The funds management industry has grown rapidly over the past decades and plays a vital role in making financial market more efficient and to provide value to its investors. There are a wide variety of institutional investor types, all with different characteristics which potentially can result in a differing ability to predict future stock performance. Hedge funds commonly apply redemption periods, thereby giving them an ability to enter illiquid positions. The lucrative compensation structure of hedge funds can be expected to increase management effort and attract fund managers with the ability to earn abnormal returns.

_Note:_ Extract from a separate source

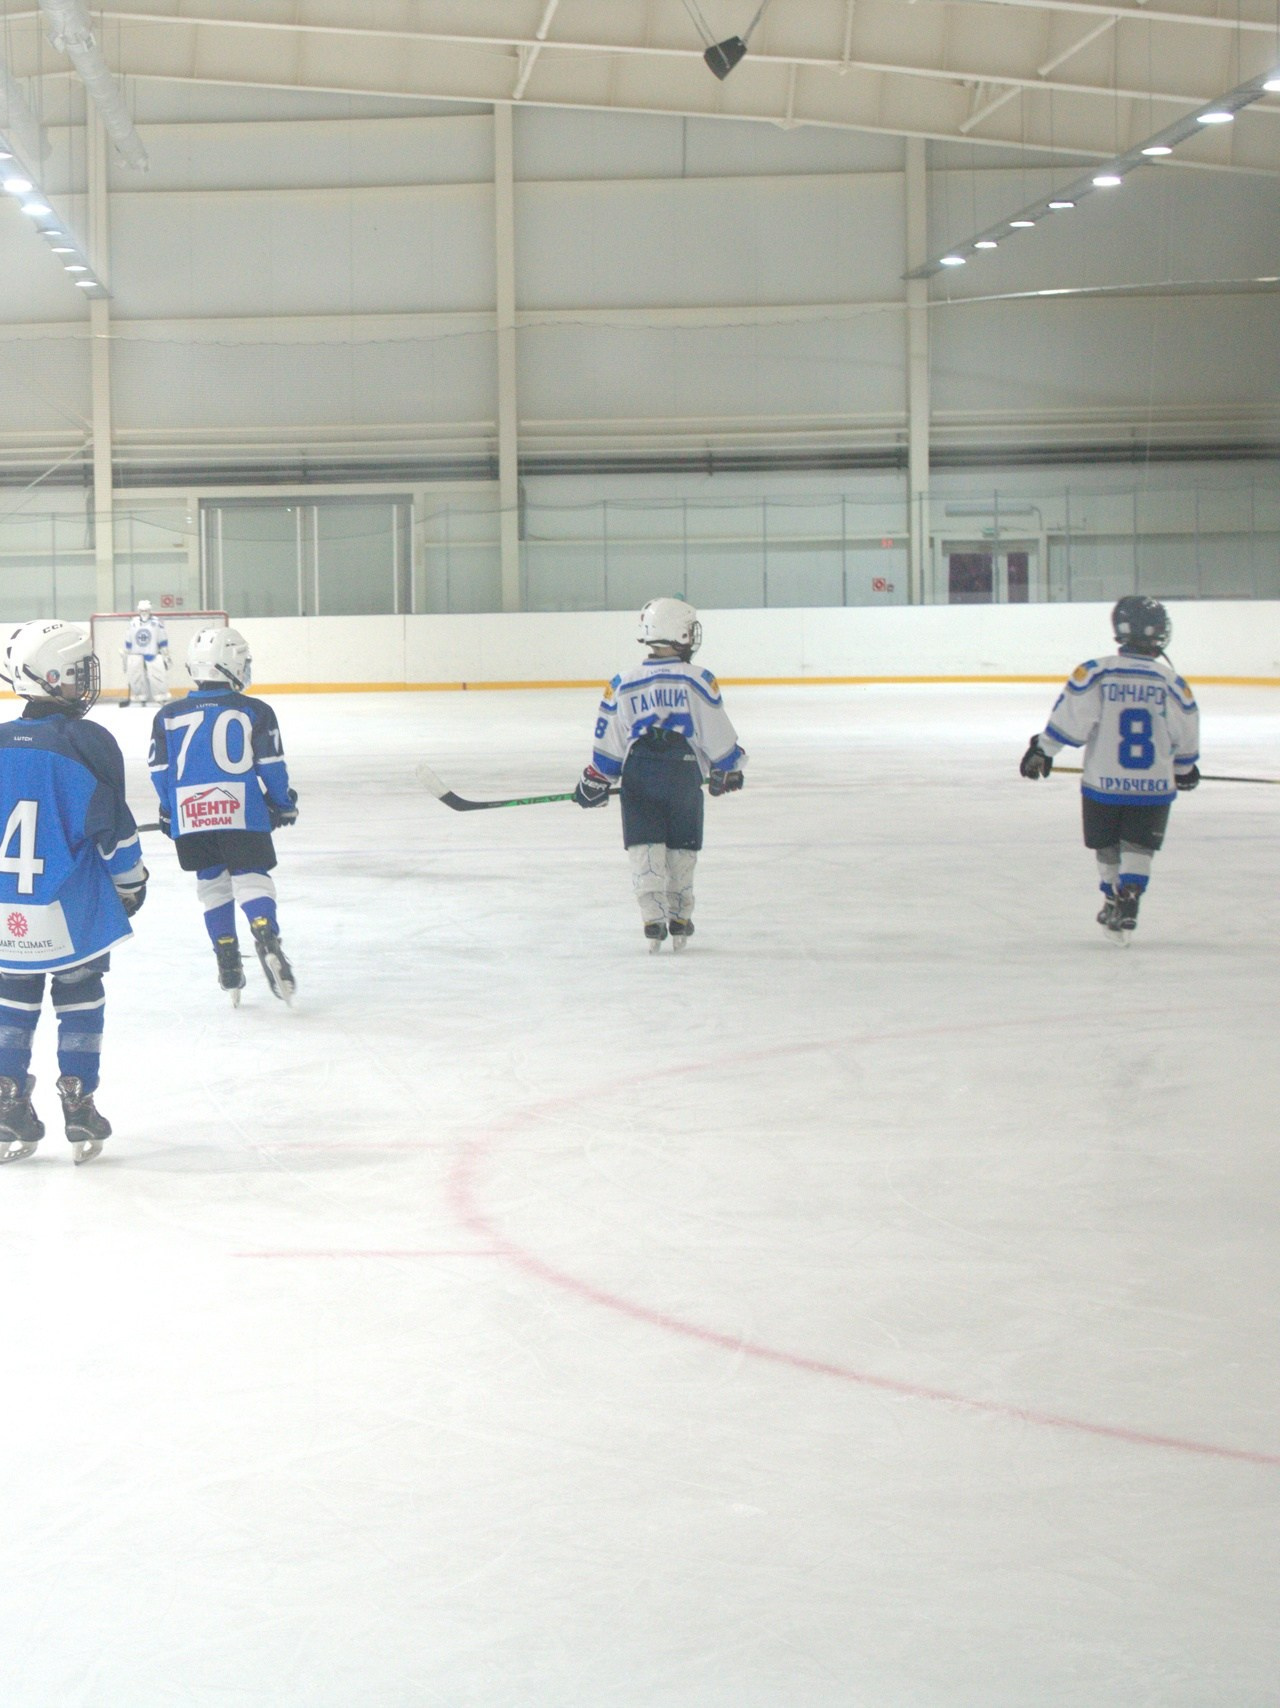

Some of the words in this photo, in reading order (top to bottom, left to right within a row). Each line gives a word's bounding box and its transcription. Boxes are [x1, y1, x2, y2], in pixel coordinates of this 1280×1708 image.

Given the different characteristics, it is important to understand how the stock picking ability may differ across different institutional investor types. The majority of previous research focuses only on one type of institutional investor, and the use of different methodologies and sample periods, make it difficult to assess how the stock picking ability differs between each type. Analysis of holdings is an important compliment to fund returns when determining skills of institutional investors, and allows us to better understand the skills driving the stock picking ability of institutional investors.
After, applying a decile portfolio methodology, we find that only hedge fund holdings contain information of future stock returns. Decomposing stock returns and fund holdings, we find that hedge funds are able to forecast industry and stock returns both over a long-term and short-term horizon. This is not due to hedge funds ability to enter more illiquid positions compared to other institutional investors. We also find evidence of market timing ability among hedge funds and mutual funds.